Text-to-region grounding data:
☆ ☆ ☆ ☆ ☆
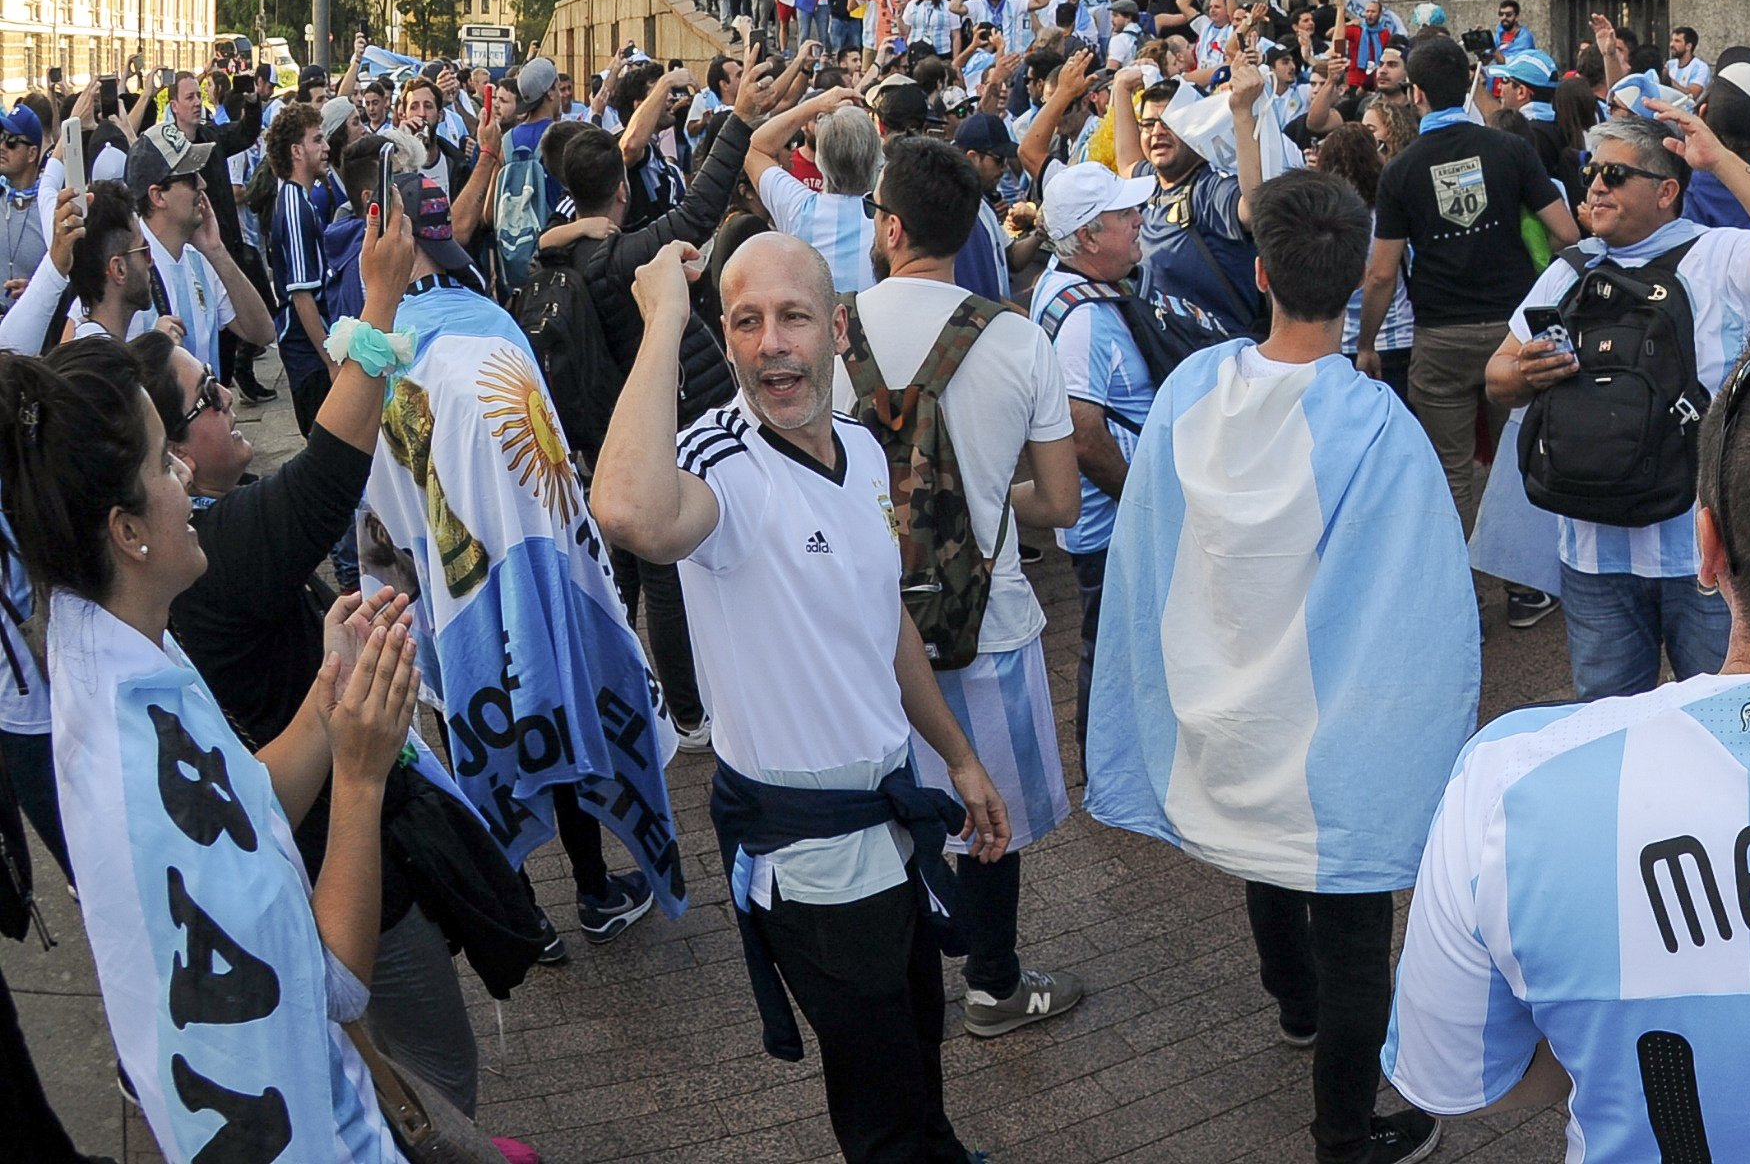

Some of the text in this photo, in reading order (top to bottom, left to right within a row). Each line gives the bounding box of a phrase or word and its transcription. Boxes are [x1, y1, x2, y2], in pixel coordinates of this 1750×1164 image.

[1438, 162, 1477, 177] ARGENTINA
[803, 177, 823, 190] STR
[1448, 193, 1478, 216] 40
[805, 542, 834, 554] adid
[1026, 992, 1051, 1014] N
☆ ☆ ☆ ☆ ☆
**Problem**
Give back the records word for word, without their pictures.

**Output**
Some of the text in this photo, in reading order (top to bottom, left to right within a row). Each line gives the bounding box of a phrase or word and its transcription. Boxes are [x1, y1, x2, y2], in pixel coordinates of this 1750×1164 image.

[1438, 162, 1477, 177] ARGENTINA
[803, 177, 823, 190] STR
[1448, 193, 1478, 216] 40
[805, 542, 834, 554] adid
[1026, 992, 1051, 1014] N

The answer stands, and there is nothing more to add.